Richard, John and I are in the back of a van touring the back lanes of Bali. We’re talking priests because we need one urgently. Not for the last rites or anything. No one’s dying (well not unless you want to get all philosophical about it). And anyway, we’re not talking the Catholic kind of priest. We’re talking the Balinese kind. The kind that come in the dead of night and tell you whether your land is haunted.

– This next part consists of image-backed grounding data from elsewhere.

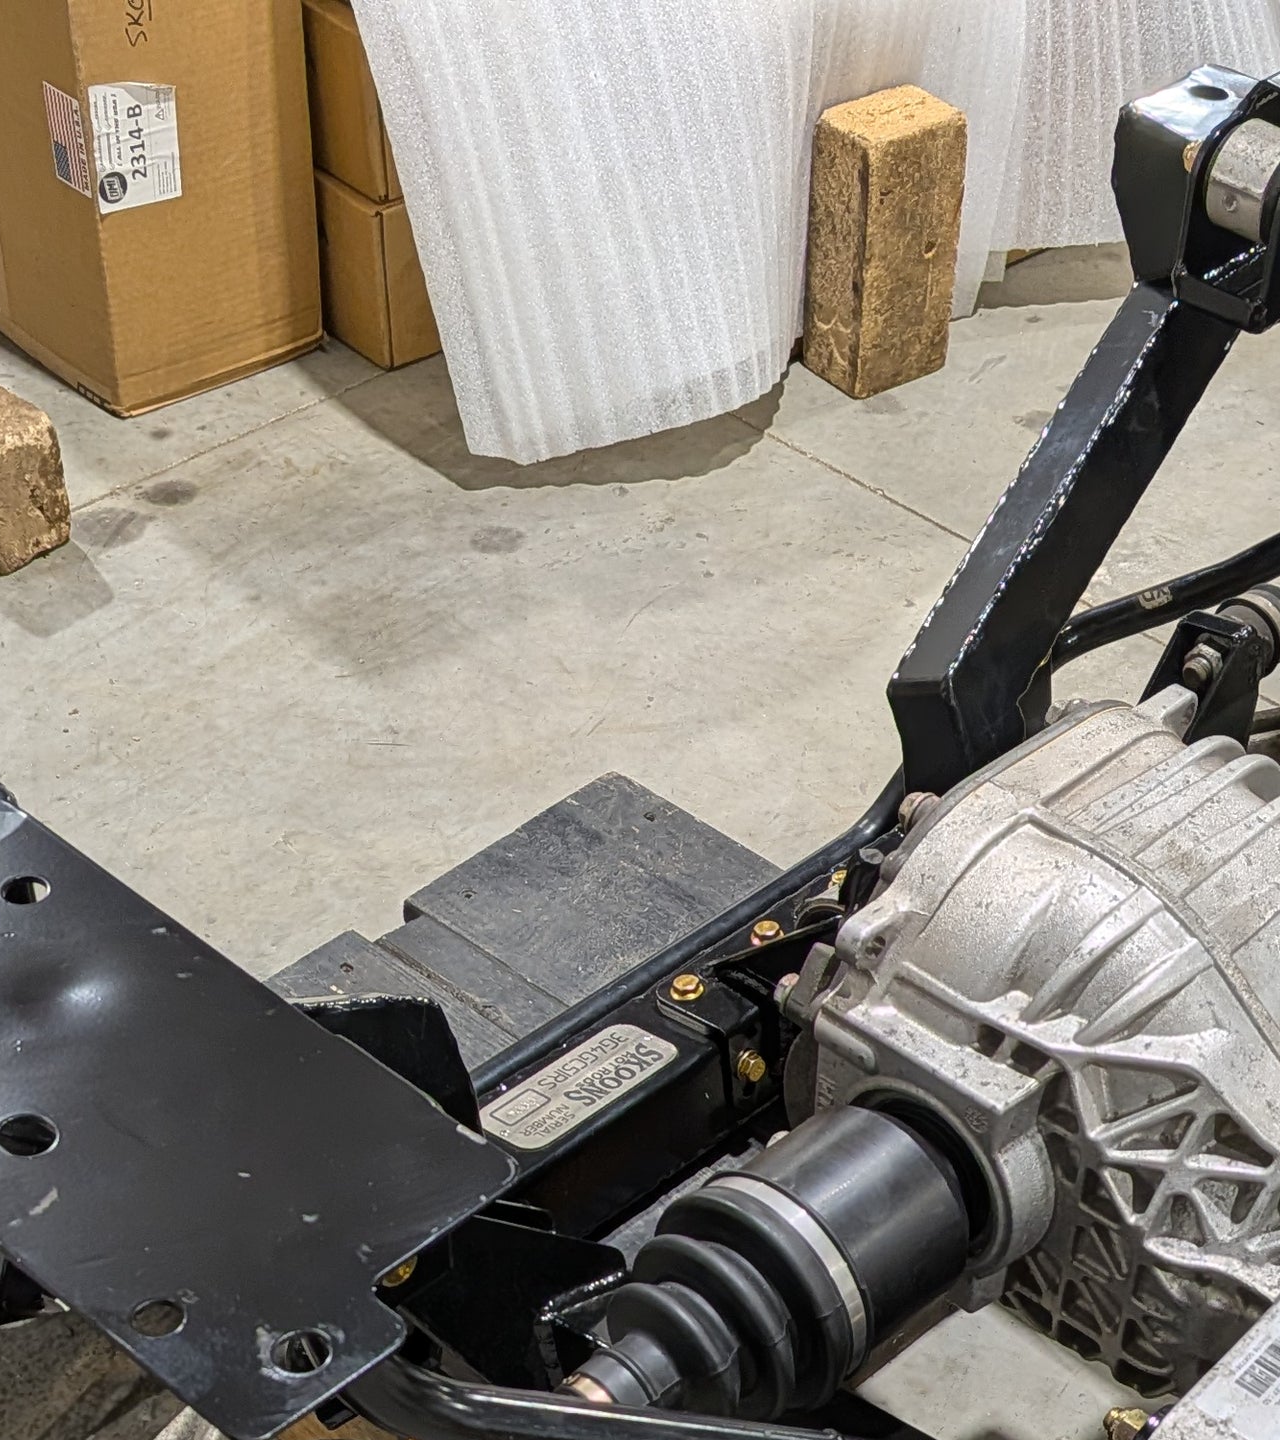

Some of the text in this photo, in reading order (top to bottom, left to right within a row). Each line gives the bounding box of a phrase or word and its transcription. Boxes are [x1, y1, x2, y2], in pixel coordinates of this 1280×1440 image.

[78, 142, 85, 155] IN
[127, 104, 148, 180] 2314-B
[80, 164, 90, 192] MADE
[563, 1043, 665, 1108] SKOONS
[519, 1103, 569, 1137] NUMBER
[532, 1111, 576, 1139] SERIAL
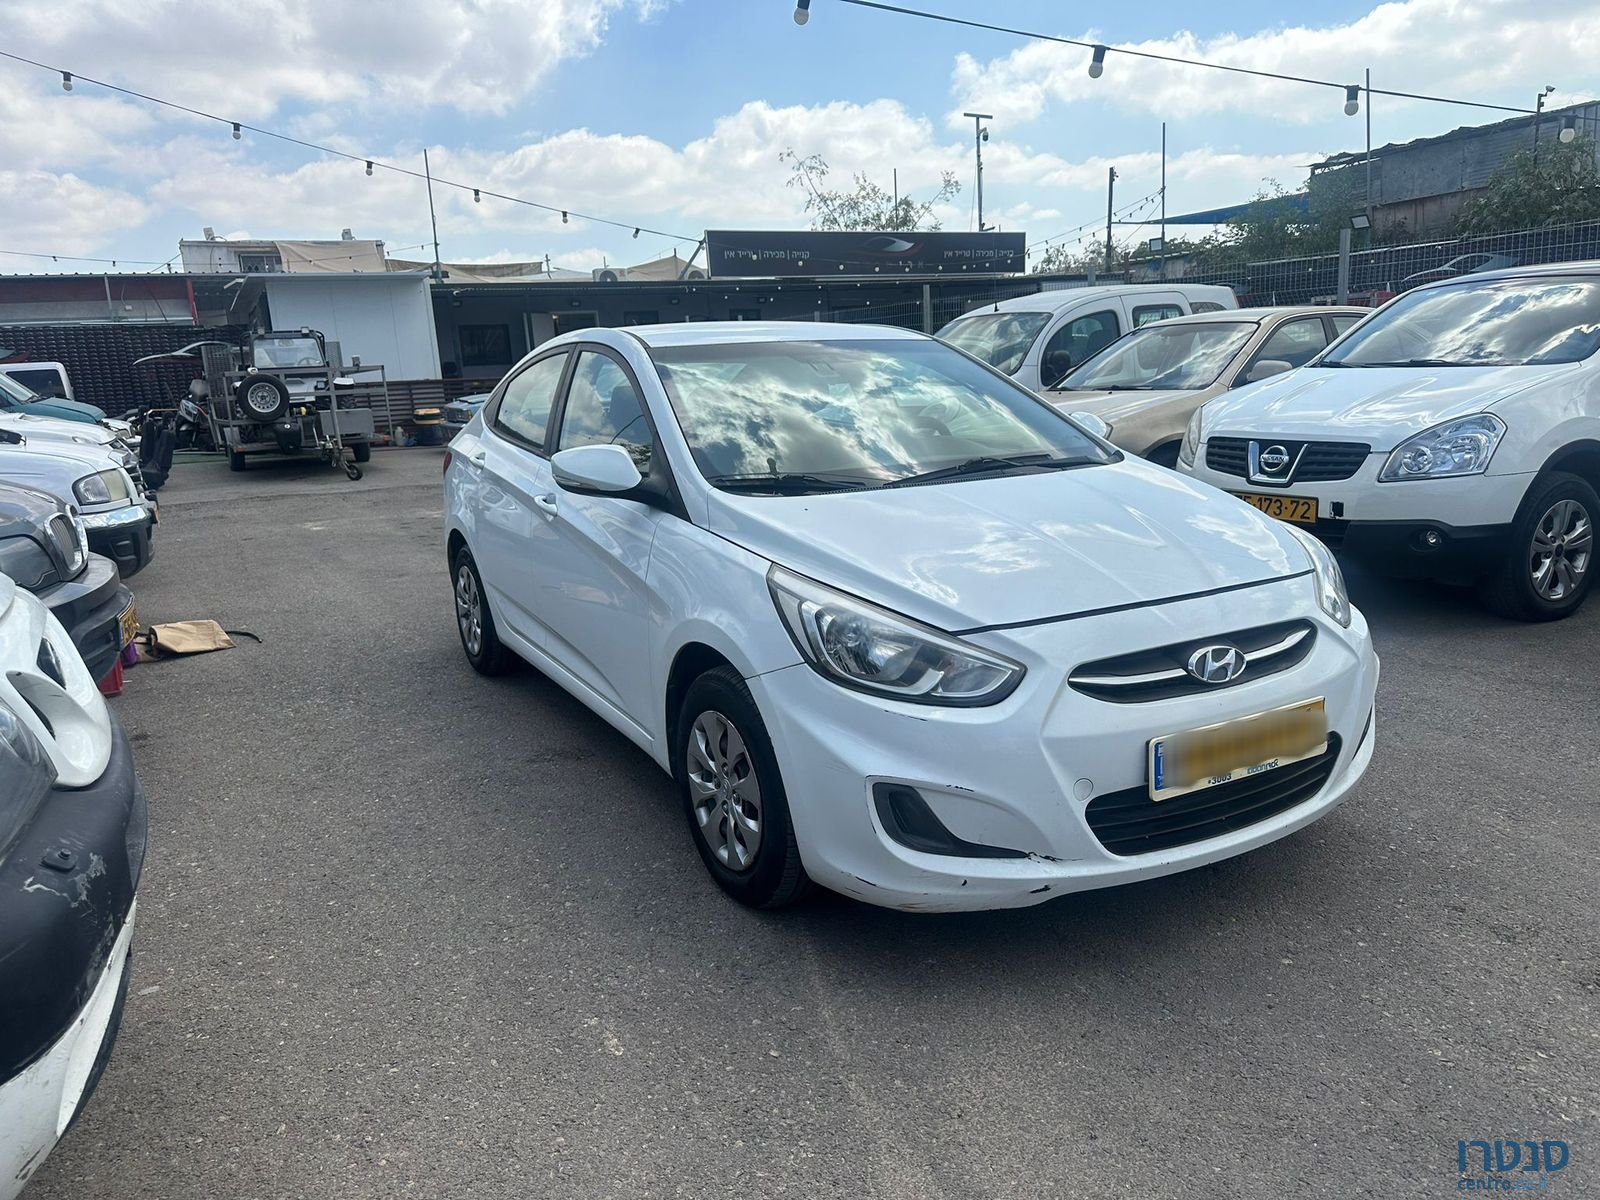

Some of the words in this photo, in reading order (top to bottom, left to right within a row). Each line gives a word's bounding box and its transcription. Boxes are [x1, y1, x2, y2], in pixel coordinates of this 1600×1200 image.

We need to know whether the land we’re looking at buying is inhabited by evil spirits, the type that might make Lula’s head spin around 360 degrees or burn our house to the ground for larks. It’s called a Karma Inspeksi. It’s the equivalent of getting a survey done in the UK to check for subsidence. A priest comes along just like in the Exorcist and he tells you if there are evil spirits haunting the land who might cause subsidence, thus doing away with the need for an actual survey.
It’s like we’re in Challenge Anneka. We pull out our blackberries and laptops and start strategising. Who do we know that might know a priest? We email and call all our Balinese contacts. Eventually I get an email back – it says this:
I know priest. He has very clear sense and can heal people as well. He can do some predictions as well. He burnt his temples when he was grade 11 and was in jail because of it. He did not want to be a priest.
But now he returns to be priest.
Crazy young priest, by the way…
Needless to say, we’re parking that guy for the moment. Until we need someone who can commit arson. We found another priest. Turns out that when you start asking it’s like rent-a-priest around here. We got three in half an hour. Not even Anneka could have managed that one.
So tomorrow it’s all set. In the dead of night, John, Rich and I are meeting our chosen spiritual surveyor on the land for our Karma Inspeksi. I’m wondering if there will be chicken bones, slaughtered goats and a Ouija board involved.
I swear Quentin Tarantino couldn’t write this shit.